Re: Converting a 3F2 to elementary functions
- To: mathgroup at smc.vnet.net
- Subject: [mg58200] Re: Converting a 3F2 to elementary functions
- From: carlos at colorado.edu
- Date: Wed, 22 Jun 2005 01:55:42 -0400 (EDT)

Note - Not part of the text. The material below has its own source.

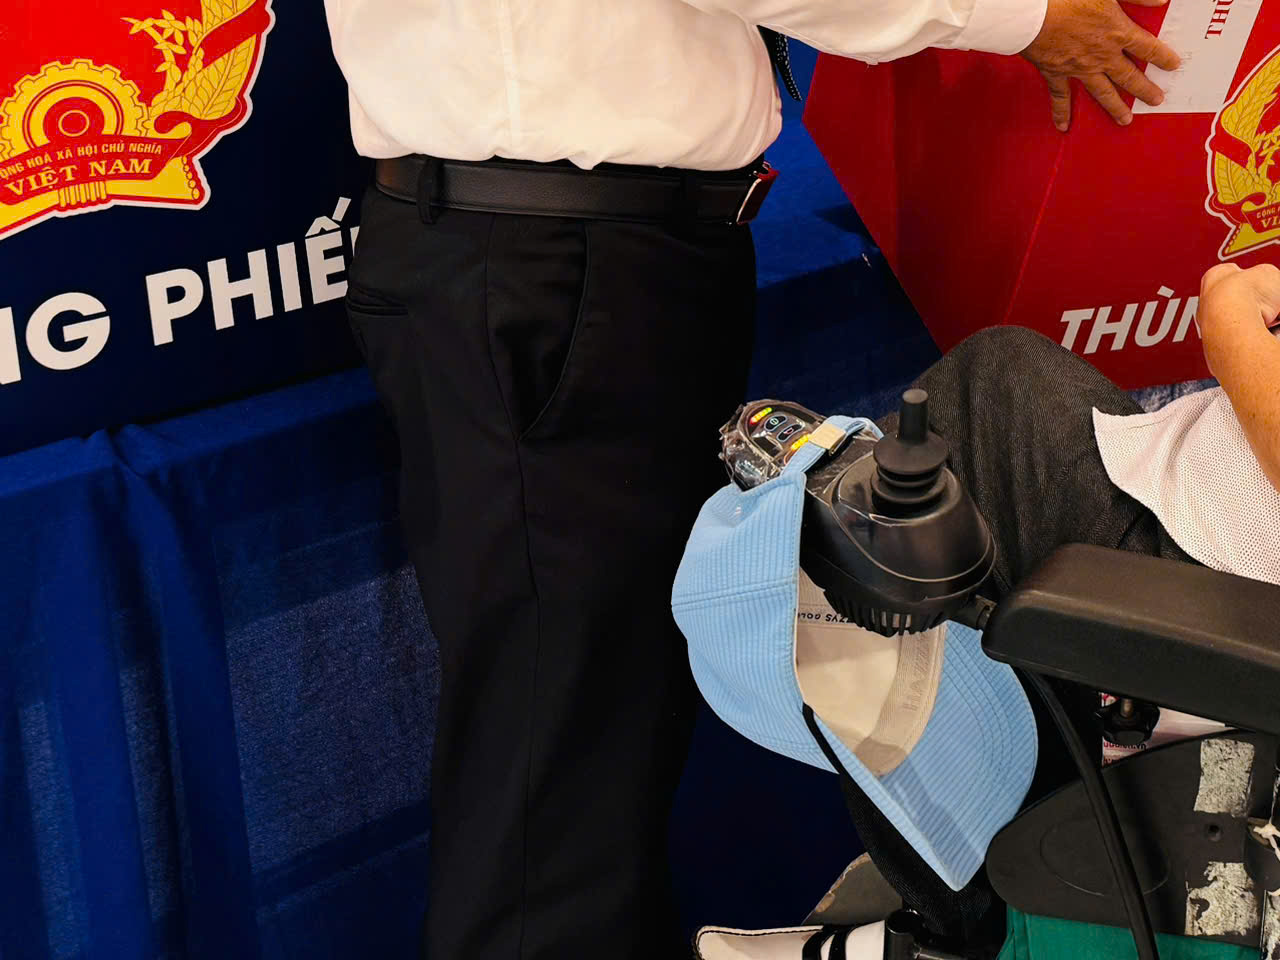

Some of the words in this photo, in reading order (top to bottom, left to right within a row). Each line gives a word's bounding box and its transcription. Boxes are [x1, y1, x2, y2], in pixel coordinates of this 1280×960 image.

- References: <d9632c$q2i$1@smc.vnet.net><d98q4r$epb$1@smc.vnet.net>
- Sender: owner-wri-mathgroup at wolfram.com
Hi Paul: I followed a variation of your recommendation, using series matching and avoiding any built-ins: H3F2ElementaryForm[m_,x_]:= Module[{g32m,P,Q,PQ,mp,mneg,cs,c,cgs,v,eqs, sol,Pm,Qm,PmN,PmD,QmN,QmD,PQm}, g32m[mm_,xx_]:= xx*HypergeometricPFQ[{1,2*mm-1,1},{mm+1/2,2},xx]; P[mm_,xx_]:=Sum[p[j]*xx^(2*j-2),{j,1,2*mm-3}]/((1-xx^2)^(mm-2)*(xx^2)^(mm-2)); Q[mm_,xx_]:=Sum[q[j]*xx^(2*j-2),{j,1,2*mm-2}]/(xx*(1-xx^2)^(mm-2+1/2)*(xx^2)^(mm-2)); mp=6*m-8; mneg=2*m-4; PQ=P[m,x]+Q[m,x]*ArcSin[x]; PQ=Simplify[PQ]; cs=Normal[Series[PQ,{x,0,mp}]]; c=CoefficientList[x^mneg*cs,x]; cgs=Normal[Series[g32m[m,x^2],{x,0,mp}]]; cg=CoefficientList[x^mneg*cgs,x]; v=Flatten[Join[{Table[p[j],{j,1,2*m-3}],Table[q[j],{j,1,2*m-2}]}]]; eqs={}; For[i=1,i<=Length[cg],i++, If [c[[i]]==cg[[i]],Continue[]]; AppendTo[eqs,c[[i]]==cg[[i]]] ]; Print["no of eqs & vars=",{Length[eqs],Length[v]}]; sol=Solve[eqs,v]; (*Print[sol];*) Pm=P[m,x]/.sol[[1]]; Qm=Q[m,x]/.sol[[1]]; PmN=Numerator[Pm]; QmN=Numerator[Qm]; PmD=Denominator[Pm]; QmD=Denominator[Qm]; PQm=(Factor[PmN]/PmD)+(Factor[QmN]/QmD)*ArcSin[x]; Return[PQm]]; ClearAll[p,q,m,x,y]; mmax=12; g32tab=Table[0,{mmax}]; g32tab[[1]]=ArcSin[x]^2; For [m=2,m<=mmax,m++, PQm=H3F2ElementaryForm[m,x]; g32tab[[m]]=PQm; g32tab[[m]]=PQm ]; Print[g32tab]; This is reasonably fast. On a mac G4 laptop I timed it at 0.15, 0.72, 0.68, 02.28, 1.65, 5.27, 3.48, 12.16, 25.02, 12.0 sec for m=2,3,...12 I projected the original method at 10^34 years for m=12. Cant wait that long, paper is due next month. Many thanks.